La Cour de cassation confirme son appréciation relativement souple du pouvoir de licencier dans le cadre d’un groupe de sociétés. Ainsi dans une décision du 13 juin 2018, elle considère, conformément à une jurisprudence relativement constante, que le directeur du personnel d’une société mère est en droit de licencier les salariés de filiales sans qu’il soit nécessaire d’ailleurs de lui avoir consenti une délégation de pouvoirs par écrit. Le directeur général ou du personnel de la société mère, dès lors qu’il exerce des prérogatives habituelles dans la gestion du personnel des filiales, caractérise l’existence d’un mandat tacite. Cette souplesse est la bienvenue. (Cass. Soc., 13 juin 2018 n°16-23701)

 

Il a toujours été exigé que l’entreprise informe le salarié des motifs économique présidant à la rupture avant l’acceptation du Contrat de sécurisation professionnelle (CSP) qui matérialise la rupture du contrat. Il était en général adressé une note au salarié avec la convocation à l’entretien préalable, ou lors de ce dernier.

La Cour assouplit sa jurisprudence sur ce point, ce qu’il faut saluer, tant elle a par ailleurs une lecture formelle de ce mode de rupture.

En l’espèce, le salarié avait été convoqué par lettre du 13 janvier 2014 à un entretien préalable fixé au 23 janvier 2014  et a adressé le jour même le bulletin d’acceptation du CSP.  Il avait reçu le 25 janvier une lettre l’informant des motifs économiques.

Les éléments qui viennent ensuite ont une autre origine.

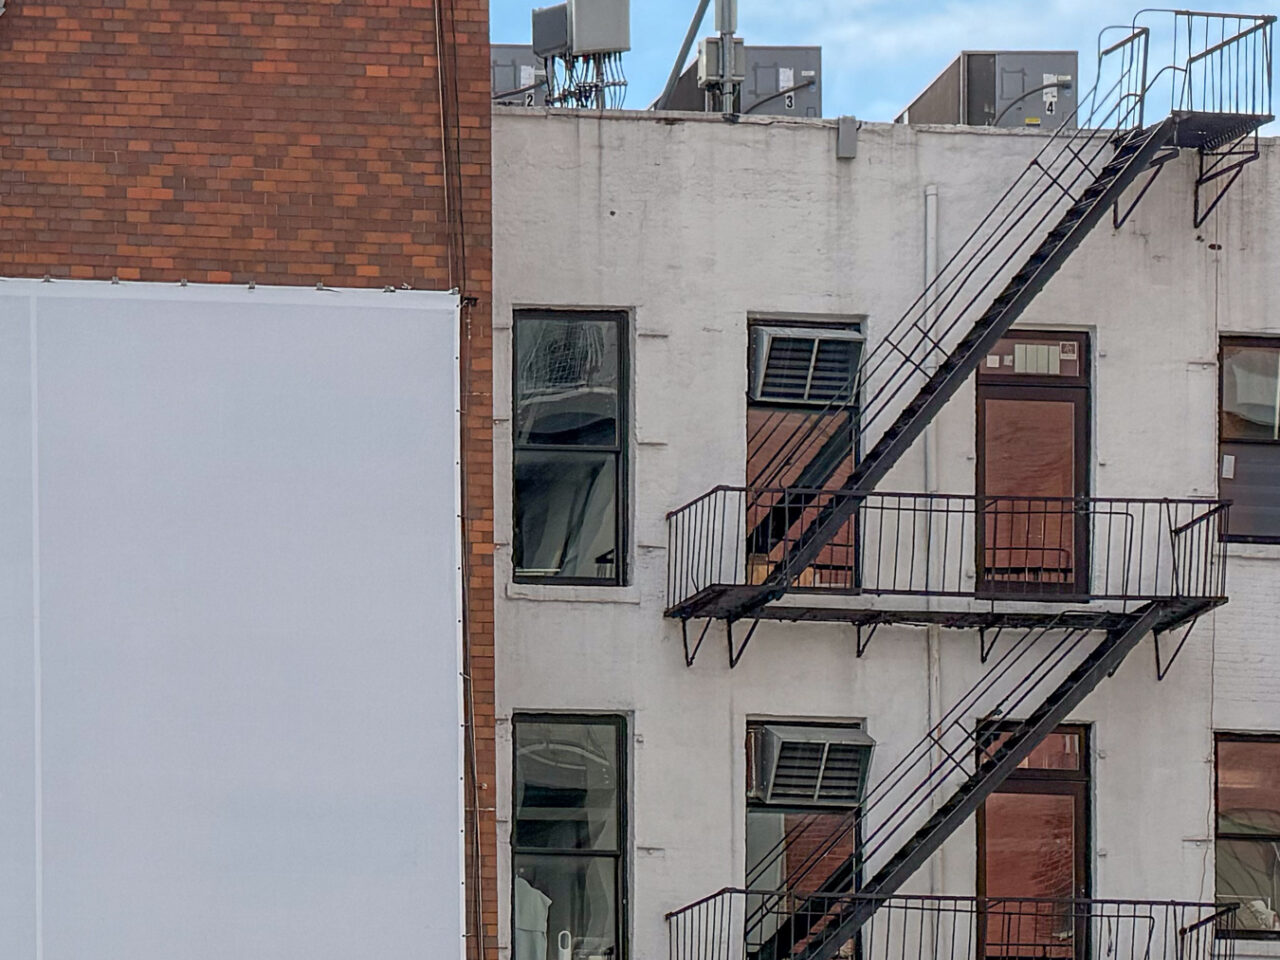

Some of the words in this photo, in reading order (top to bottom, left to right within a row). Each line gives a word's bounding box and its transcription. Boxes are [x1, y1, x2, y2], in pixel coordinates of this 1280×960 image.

[526, 94, 534, 107] 2
[786, 95, 793, 109] 3
[1046, 100, 1054, 114] 4

Il avait saisi le conseil de prud’hommes et la cour de Versailles avait fait droit à sa demande.

Sur pourvoi, la Cour de cassation a estimé « que le courrier électronique adressé au salarié le 26 novembre 2013, comportant le compte-rendu de la réunion avec le délégué du personnel du 25 novembre 2013 relative au licenciement pour motif économique envisagé, énonçait les difficultés économiques invoquées ainsi que les postes supprimés, dont celui de l’intéressé, ce dont il résulte que l’employeur avait satisfait à son obligation d’informer le salarié, avant son acceptation du contrat de sécurisation professionnelle, du motif économique de la rupture (…) » (Cass soc 13 juin 2018 n°16-17865)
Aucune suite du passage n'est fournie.